El Gobierno del presidente Daniel Noboa ha puesto en marcha un plan de choque para mitigar la crisis de desabastecimiento en el sistema público de salud. La estrategia central es una «megacompra» gubernamental de medicamentos a India, país que actualmente es reconocido como la tercera potencia farmacéutica mundial y la «farmacia del planeta».
Una alianza de escala global
La negociación, confirmada por la ministra de Gobierno, Nataly Morillo, apunta a adquirir cerca del 100% de los fármacos prioritarios que el Ecuador requiere con urgencia. El cronograma establecido por el Ejecutivo es ambicioso: tras la firma del contrato, prevista para las próximas tres semanas, se estima que los medicamentos comenzarán a llegar al país en un plazo de 30 a 60 días.

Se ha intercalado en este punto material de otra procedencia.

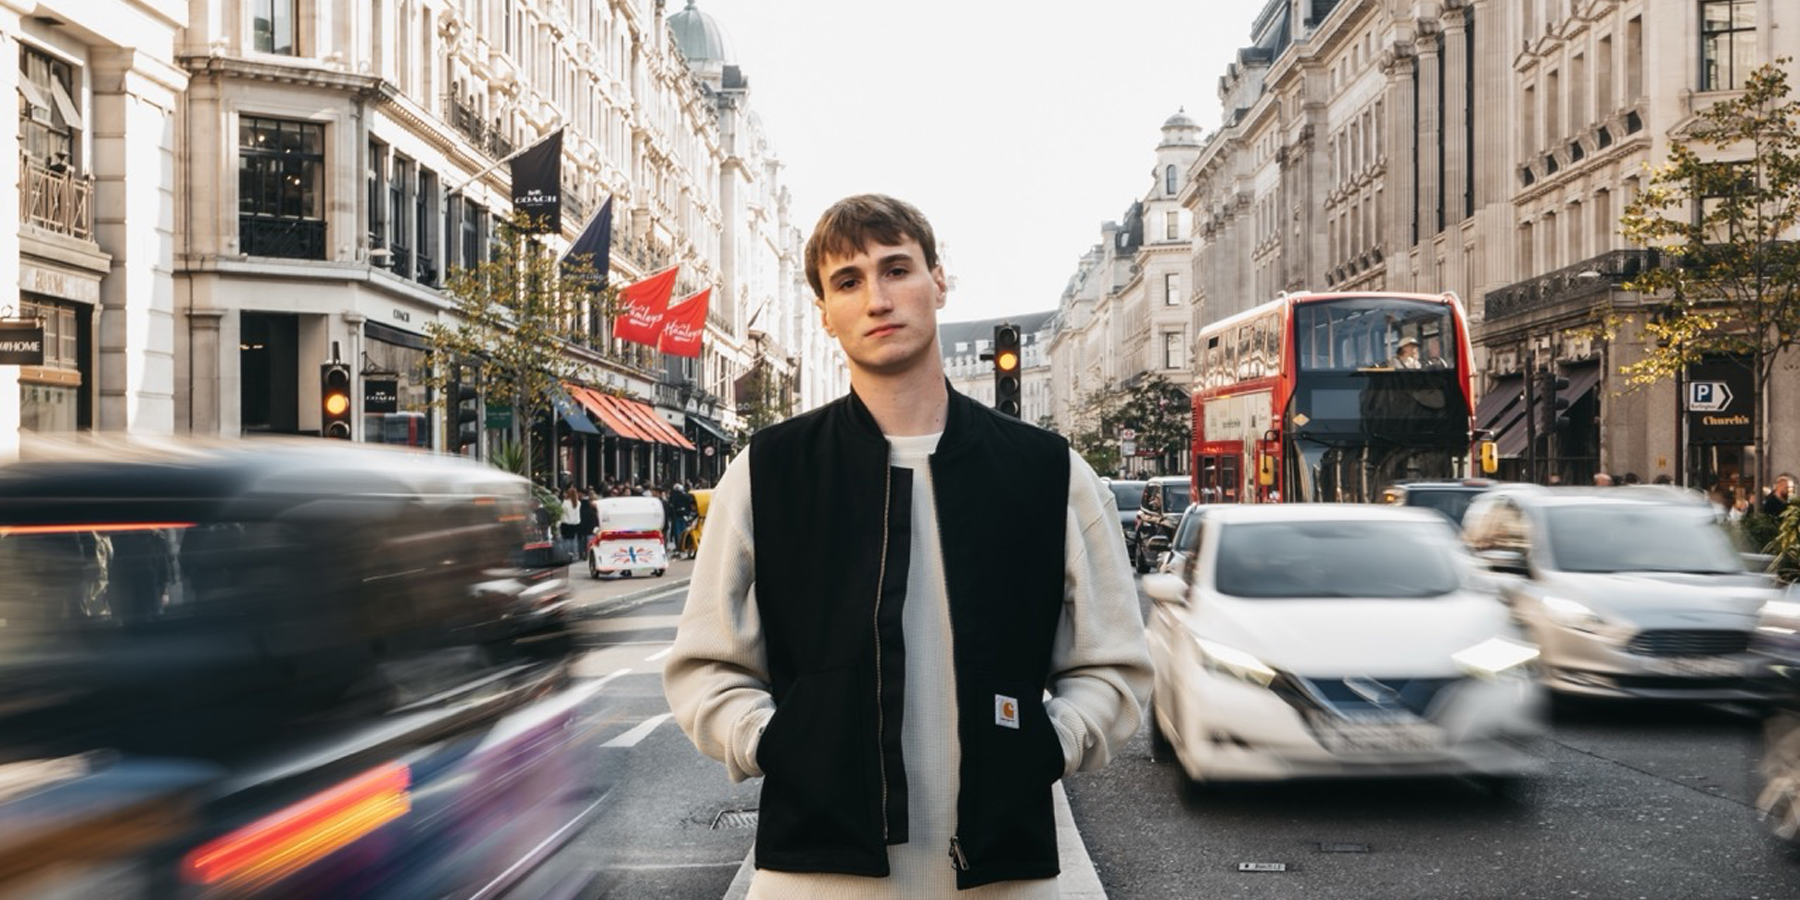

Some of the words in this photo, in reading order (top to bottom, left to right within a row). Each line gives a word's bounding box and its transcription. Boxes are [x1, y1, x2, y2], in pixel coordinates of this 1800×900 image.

Para ejecutar este despliegue, el Gobierno ha constituido la nueva empresa pública AIL (Abastecimiento, Infraestructura y Logística en Salud), la cual será la encargada de la compra y distribución de los fármacos en la red hospitalaria del Ministerio de Salud Pública (MSP).
¿Por qué India?
La decisión no es improvisada. India produce aproximadamente el 20% de los medicamentos genéricos que se consumen a nivel global. Su capacidad quedó demostrada durante la pandemia de COVID-19, donde abasteció a más de 100 países, siendo clave en la seguridad sanitaria mundial.

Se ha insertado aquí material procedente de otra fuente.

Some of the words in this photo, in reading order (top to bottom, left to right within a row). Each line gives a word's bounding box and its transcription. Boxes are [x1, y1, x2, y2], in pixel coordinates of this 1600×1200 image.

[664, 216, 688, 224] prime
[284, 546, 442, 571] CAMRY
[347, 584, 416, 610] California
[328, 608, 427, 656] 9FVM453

Además, la industria india no es nueva en el mercado ecuatoriano. Según registros de la Arcsa a abril de 2026, la India lidera ampliamente la lista de laboratorios con certificados de Buenas Prácticas de Manufactura (BPM) vigentes en Ecuador, superando incluso a potencias como Estados Unidos, Alemania y Argentina. Este sello garantiza que los fármacos cumplen con estándares de calidad exigidos internacionalmente.
«Hemos llegado a un acuerdo con el Gobierno de la India para traer medicinas de primer nivel», aseguró el presidente Daniel Noboa, quien tiene previsto un viaje oficial al país asiático en junio para formalizar el convenio.

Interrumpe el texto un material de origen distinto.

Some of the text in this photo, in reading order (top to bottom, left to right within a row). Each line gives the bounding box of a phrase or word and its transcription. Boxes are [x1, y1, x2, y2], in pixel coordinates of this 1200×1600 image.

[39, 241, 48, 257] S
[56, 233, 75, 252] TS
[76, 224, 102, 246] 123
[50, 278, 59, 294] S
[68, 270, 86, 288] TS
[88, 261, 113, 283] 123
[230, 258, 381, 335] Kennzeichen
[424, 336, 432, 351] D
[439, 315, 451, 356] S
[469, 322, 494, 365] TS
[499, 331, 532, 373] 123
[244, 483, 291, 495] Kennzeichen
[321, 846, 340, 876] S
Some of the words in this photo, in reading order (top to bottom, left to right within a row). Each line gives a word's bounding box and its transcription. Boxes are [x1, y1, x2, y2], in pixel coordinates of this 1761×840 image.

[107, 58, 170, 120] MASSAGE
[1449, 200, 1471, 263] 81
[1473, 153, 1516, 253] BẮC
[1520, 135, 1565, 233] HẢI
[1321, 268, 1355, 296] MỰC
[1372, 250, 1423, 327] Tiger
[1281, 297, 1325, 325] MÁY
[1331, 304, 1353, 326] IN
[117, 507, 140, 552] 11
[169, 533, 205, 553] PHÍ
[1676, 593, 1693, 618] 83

El desafío: Calidad y control
Si bien la expectativa es alta, expertos en farmacología señalan que el éxito de esta operación dependerá estrictamente de los controles sanitarios. El Gobierno ha enfatizado que los medicamentos adquiridos deberán cumplir con los lineamientos de calidad exigidos por agencias sanitarias internacionales, como las de Estados Unidos, garantizando que, aunque sean de bajo costo, no sacrifiquen la eficacia terapéutica para los pacientes ecuatorianos.